____ MATERIAL PROVIDED

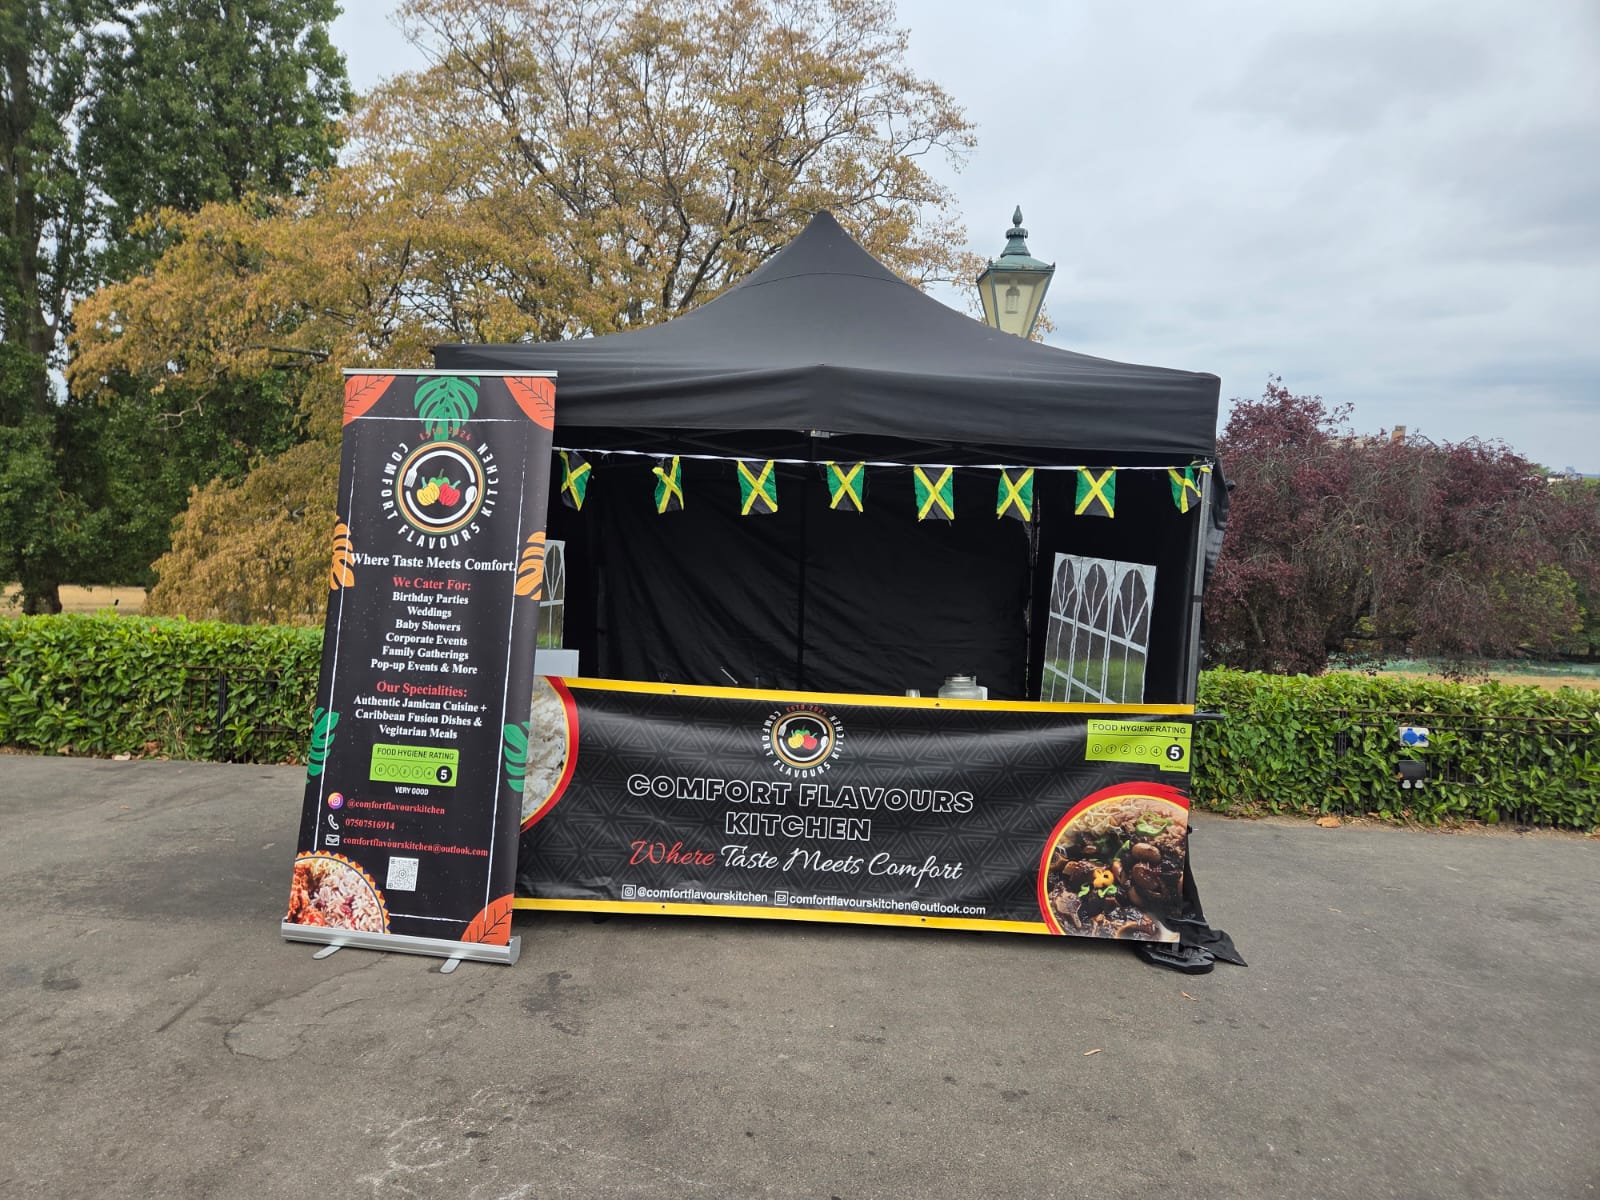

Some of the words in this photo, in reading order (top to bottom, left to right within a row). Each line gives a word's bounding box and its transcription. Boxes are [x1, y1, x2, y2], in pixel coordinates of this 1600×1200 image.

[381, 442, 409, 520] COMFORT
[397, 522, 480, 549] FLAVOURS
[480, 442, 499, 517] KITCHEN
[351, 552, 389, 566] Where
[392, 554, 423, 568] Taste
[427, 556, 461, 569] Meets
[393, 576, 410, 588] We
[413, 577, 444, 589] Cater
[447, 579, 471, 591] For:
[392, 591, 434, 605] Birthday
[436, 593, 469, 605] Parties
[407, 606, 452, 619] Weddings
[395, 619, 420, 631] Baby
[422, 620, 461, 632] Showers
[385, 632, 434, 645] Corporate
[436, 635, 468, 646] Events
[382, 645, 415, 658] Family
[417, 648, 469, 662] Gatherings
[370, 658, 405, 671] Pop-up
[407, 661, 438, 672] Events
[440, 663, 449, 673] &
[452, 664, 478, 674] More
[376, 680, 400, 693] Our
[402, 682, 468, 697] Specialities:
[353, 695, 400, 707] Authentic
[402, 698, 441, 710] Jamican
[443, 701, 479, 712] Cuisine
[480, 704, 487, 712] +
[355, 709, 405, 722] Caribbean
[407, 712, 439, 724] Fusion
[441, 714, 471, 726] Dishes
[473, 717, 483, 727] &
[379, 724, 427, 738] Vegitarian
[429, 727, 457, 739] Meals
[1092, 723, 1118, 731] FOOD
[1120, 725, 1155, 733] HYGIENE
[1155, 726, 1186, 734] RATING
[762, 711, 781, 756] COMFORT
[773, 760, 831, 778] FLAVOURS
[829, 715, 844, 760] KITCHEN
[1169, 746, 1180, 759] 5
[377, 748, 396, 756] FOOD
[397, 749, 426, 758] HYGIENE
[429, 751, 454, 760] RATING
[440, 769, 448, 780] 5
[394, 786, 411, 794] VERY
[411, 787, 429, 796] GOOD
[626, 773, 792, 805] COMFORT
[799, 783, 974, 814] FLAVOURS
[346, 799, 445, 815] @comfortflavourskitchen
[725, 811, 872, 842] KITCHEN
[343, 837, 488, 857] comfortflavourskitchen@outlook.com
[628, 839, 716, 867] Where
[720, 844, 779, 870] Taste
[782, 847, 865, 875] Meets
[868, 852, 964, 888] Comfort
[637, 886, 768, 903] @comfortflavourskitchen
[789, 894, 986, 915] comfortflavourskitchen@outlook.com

________

_WHAT TO DO_
Count every line in the listing where the string "Events" occurs. Give the total alone.

_ANSWER BELOW_
2